Data excerpts:
BEGIN

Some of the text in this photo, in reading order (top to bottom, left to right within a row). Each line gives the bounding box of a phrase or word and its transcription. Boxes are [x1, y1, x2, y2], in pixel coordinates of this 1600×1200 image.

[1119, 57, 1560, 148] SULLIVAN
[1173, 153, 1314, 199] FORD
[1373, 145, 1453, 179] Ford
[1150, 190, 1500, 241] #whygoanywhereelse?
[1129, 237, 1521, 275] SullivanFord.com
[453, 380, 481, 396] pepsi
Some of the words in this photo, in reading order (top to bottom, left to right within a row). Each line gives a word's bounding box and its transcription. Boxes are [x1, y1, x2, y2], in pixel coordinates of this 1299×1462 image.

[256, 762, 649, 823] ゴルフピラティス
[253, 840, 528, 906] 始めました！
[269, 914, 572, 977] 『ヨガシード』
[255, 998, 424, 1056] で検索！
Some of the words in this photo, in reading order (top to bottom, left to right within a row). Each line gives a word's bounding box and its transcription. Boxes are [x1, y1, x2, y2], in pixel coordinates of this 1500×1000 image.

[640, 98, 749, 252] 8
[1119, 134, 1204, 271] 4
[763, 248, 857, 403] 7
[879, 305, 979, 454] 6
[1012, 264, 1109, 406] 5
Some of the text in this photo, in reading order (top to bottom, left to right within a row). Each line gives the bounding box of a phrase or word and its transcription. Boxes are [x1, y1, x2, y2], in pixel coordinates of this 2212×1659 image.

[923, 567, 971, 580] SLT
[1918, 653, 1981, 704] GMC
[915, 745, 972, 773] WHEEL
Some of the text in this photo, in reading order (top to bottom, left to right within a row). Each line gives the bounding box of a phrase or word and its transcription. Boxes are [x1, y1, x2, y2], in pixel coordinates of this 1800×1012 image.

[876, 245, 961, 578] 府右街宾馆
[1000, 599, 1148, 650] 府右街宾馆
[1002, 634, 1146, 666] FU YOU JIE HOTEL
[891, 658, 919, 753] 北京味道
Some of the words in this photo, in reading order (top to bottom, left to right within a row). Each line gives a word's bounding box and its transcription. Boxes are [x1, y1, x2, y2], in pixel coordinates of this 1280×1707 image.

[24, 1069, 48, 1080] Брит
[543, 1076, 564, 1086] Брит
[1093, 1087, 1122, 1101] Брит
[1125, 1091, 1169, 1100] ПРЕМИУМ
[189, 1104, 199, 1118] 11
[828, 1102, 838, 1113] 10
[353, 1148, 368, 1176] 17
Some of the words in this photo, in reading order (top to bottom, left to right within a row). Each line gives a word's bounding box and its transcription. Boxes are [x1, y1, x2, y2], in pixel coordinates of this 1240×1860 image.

END

The records above should be transcribed in full, with no differences.

▸ Your response
Some of the text in this photo, in reading order (top to bottom, left to right within a row). Each line gives the bounding box of a phrase or word and its transcription. Boxes are [x1, y1, x2, y2], in pixel coordinates of this 1600×1200 image.

[1119, 57, 1560, 148] SULLIVAN
[1173, 153, 1314, 199] FORD
[1373, 145, 1453, 179] Ford
[1150, 190, 1500, 241] #whygoanywhereelse?
[1129, 237, 1521, 275] SullivanFord.com
[453, 380, 481, 396] pepsi
Some of the words in this photo, in reading order (top to bottom, left to right within a row). Each line gives a word's bounding box and its transcription. Boxes are [x1, y1, x2, y2], in pixel coordinates of this 1299×1462 image.

[256, 762, 649, 823] ゴルフピラティス
[253, 840, 528, 906] 始めました！
[269, 914, 572, 977] 『ヨガシード』
[255, 998, 424, 1056] で検索！
Some of the words in this photo, in reading order (top to bottom, left to right within a row). Each line gives a word's bounding box and its transcription. Boxes are [x1, y1, x2, y2], in pixel coordinates of this 1500×1000 image.

[640, 98, 749, 252] 8
[1119, 134, 1204, 271] 4
[763, 248, 857, 403] 7
[879, 305, 979, 454] 6
[1012, 264, 1109, 406] 5
Some of the text in this photo, in reading order (top to bottom, left to right within a row). Each line gives the bounding box of a phrase or word and its transcription. Boxes are [x1, y1, x2, y2], in pixel coordinates of this 2212×1659 image.

[923, 567, 971, 580] SLT
[1918, 653, 1981, 704] GMC
[915, 745, 972, 773] WHEEL
Some of the text in this photo, in reading order (top to bottom, left to right within a row). Each line gives the bounding box of a phrase or word and its transcription. Boxes are [x1, y1, x2, y2], in pixel coordinates of this 1800×1012 image.

[876, 245, 961, 578] 府右街宾馆
[1000, 599, 1148, 650] 府右街宾馆
[1002, 634, 1146, 666] FU YOU JIE HOTEL
[891, 658, 919, 753] 北京味道
Some of the words in this photo, in reading order (top to bottom, left to right within a row). Each line gives a word's bounding box and its transcription. Boxes are [x1, y1, x2, y2], in pixel coordinates of this 1280×1707 image.

[24, 1069, 48, 1080] Брит
[543, 1076, 564, 1086] Брит
[1093, 1087, 1122, 1101] Брит
[1125, 1091, 1169, 1100] ПРЕМИУМ
[189, 1104, 199, 1118] 11
[828, 1102, 838, 1113] 10
[353, 1148, 368, 1176] 17
Some of the words in this photo, in reading order (top to bottom, left to right within a row). Each line gives a word's bounding box and its transcription. Boxes are [x1, y1, x2, y2], in pixel coordinates of this 1240×1860 image.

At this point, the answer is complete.